# Anyone tried the Handheld PH testers..



## markstr (Feb 23, 2004)

I've seen a couple of these on the market..
Wonder how accurate? I like the idea of just putting it in the water for a moment and getting a reading..
There are a couple of brands out there and I was wondering if anyone has
any comments on them in general..
Thanks........


----------



## Bert H (Mar 2, 2004)

I own one of the 'Milwaukee' brand testers. Seems to work ok, only issue is your standard solution for calibrating your electrode comes in a foil package. Once opened, you need to have a place to pour it into so you can save it, since it will keep for a while. Calibration should be performed periodically if you use it a lot, and you might have to find a source for pH 7 solution.


----------



## JoeHoetzl (Feb 23, 2005)

I have the Hanna pHep 5 handheld tester.
It works nicely, but needs to be calibrated a bit to frequently for my liking. The somewhat automated calibration procedure is a nifty feature, but just wish I didn't have to do it so often. Seems like almost every other use of it...

Short of that, I like it.


----------



## Steveb (Oct 20, 2005)

I also have a Hanna pHep 5 unit. I found that if I keep the probe wet all the time, by placing a small piece of cotton in the cap and then put the solution in, helps cut down the need for recalibration.

SteveB


----------



## brad (Jul 10, 2005)

I just ordered the Milwaukee so I hope it works! Got a Hanna TDS tester too.

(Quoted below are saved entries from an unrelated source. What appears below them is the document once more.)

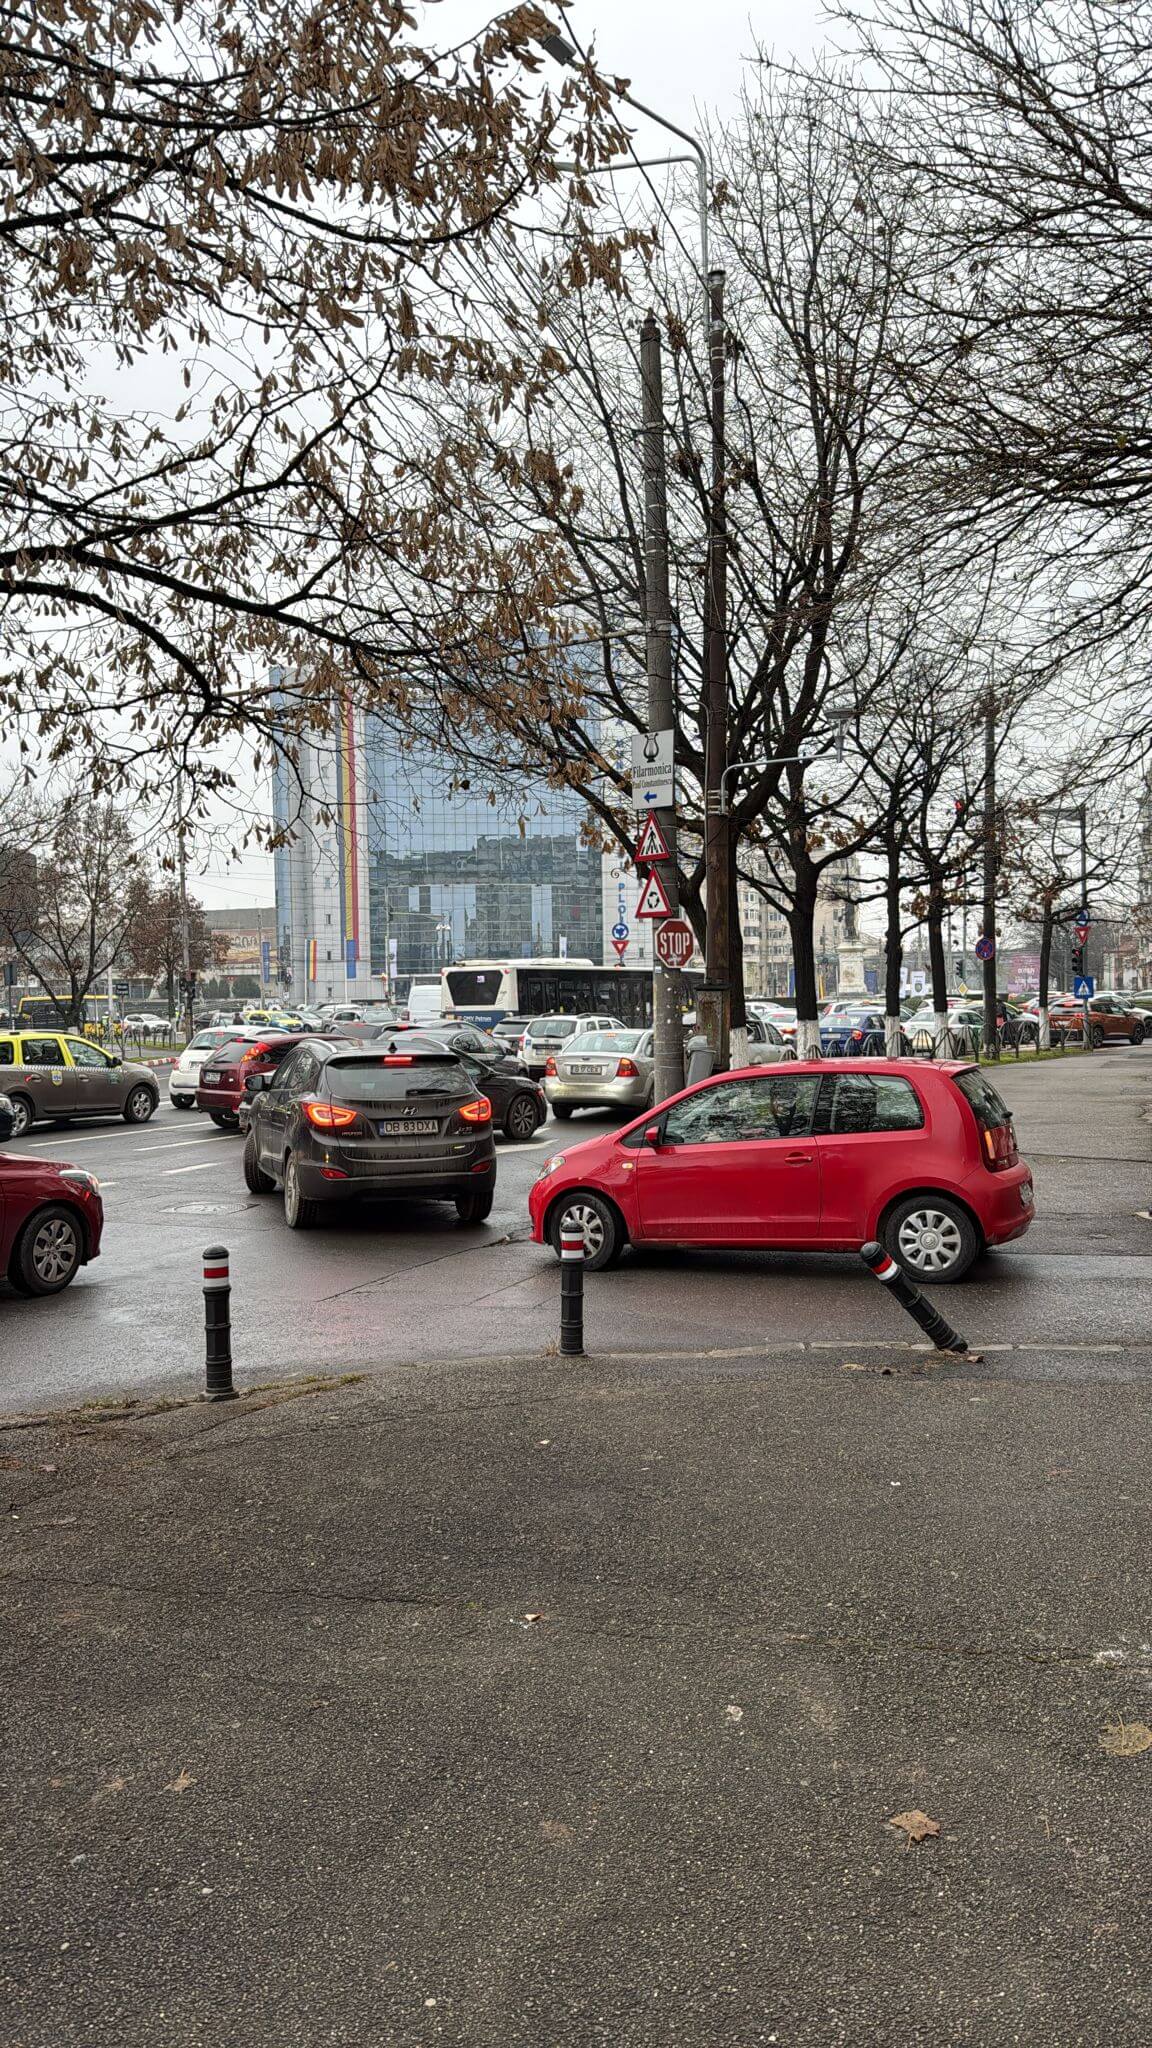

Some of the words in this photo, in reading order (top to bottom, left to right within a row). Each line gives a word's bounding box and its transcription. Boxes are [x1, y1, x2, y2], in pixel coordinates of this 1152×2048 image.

[633, 763, 672, 778] Filarmonica
[660, 932, 690, 955] STOP
[385, 1122, 400, 1133] DB
[403, 1121, 415, 1131] 83
[417, 1120, 438, 1131] DXA

Bert, why not buy the calibration solutions by the bottle? DO you only need the 7.01 or the ph 4 as well?


----------



## MatPat (Mar 22, 2004)

I have the Hanna 98129. It does both TDS and pH and I am enjoying it very much. I do like the larger bottle versus the foil package. I'm not sure how long the bottle is good once open but I'm guessing it is god for about a year. I have both 7.01 and 4.01 solutions for calibration, along with a conductivity solution. I tend to calibrate my meter weekly since I test so many tanks with it.

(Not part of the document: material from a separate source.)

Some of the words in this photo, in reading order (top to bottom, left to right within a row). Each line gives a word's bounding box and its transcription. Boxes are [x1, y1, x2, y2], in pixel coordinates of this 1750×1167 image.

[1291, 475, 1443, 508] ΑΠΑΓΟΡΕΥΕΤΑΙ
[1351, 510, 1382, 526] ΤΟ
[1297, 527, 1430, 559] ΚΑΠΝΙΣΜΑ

You can also check the reviews section. I believe there are a few reviews in there.


----------



## brad (Jul 10, 2005)

Oh I`d like that one! Does EC too doesn`t it? If you ever want to donate that to charity, I`ll send you my address 

If you pour the packet of calibration solution into a mason jar, do you think it would keep for long?


----------



## MatPat (Mar 22, 2004)

brad said:


> Oh I`d like that one! Does EC too doesn`t it? If you ever want to donate that to charity, I`ll send you my address
> 
> If you pour the packet of calibration solution into a mason jar, do you think it would keep for long?

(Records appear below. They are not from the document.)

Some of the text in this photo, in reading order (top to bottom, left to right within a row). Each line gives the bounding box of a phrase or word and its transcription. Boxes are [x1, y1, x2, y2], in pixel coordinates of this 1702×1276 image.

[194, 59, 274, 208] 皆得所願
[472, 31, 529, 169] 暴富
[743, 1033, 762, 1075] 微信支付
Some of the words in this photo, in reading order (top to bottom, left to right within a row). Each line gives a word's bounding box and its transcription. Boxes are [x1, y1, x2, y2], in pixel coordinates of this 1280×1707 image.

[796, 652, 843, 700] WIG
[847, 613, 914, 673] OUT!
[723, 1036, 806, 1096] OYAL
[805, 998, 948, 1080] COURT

I should have phrased it differently...It reads pH, TDS and EC.

I have no idea about stoiring the solutions. I just pur 10ml or so from the bottle into a container and use it that way. I pour some of the 4.01 solution into the cap so the probe doesn't dry out while being stored.


----------



## bristles (Mar 7, 2006)

Hi, I have a Oakton 2 PH tester & really like it, I can test multiple times a day on all my tanks & not have to rinse a test tube I calibrate mine with 4 , 7 & 10 calibration fluid.


----------



## titan97 (Feb 14, 2005)

I've used several models of handheld pH testers here at work. We frequently use the Hanna or the Oakton models, with the Oakton being prefered. Any of the models that use a glass electrode should be kept wet when not in use. Normally, we just leave the tester in the calibration solution. If the tester is capable of utilizing 2 or 3 calibration standards, then by all means use them all. It can't hurt to be too accurate, right? Unless you feel that the tester gives you a "good enough" reading even with only the single calibration solution. It all comes back to what you are willing to live with. If you want the best, go out and get a high-end lab meter for about a grand. Then change the probes every 3 to 6 months at about $150 each. Or, on the other end of the spectrum, use your LFS test strips. You get what you pay for, and if you want more accuracy and precision, you probably have to pay more for it. In the end, the Hanna or Oaktron units are pretty good and fairly reliable.

-Dustin


----------



## taekwondodo (Dec 14, 2005)

I have the Hanna hand-held and was not impressed. I had to callibrate it every time I used it. Too big a hassle (and yes, I kept the tip wet) for me an it never gained my trust.

Would gladly trade it to someone for free for an nice protion of R. Mac....

- Jeff


----------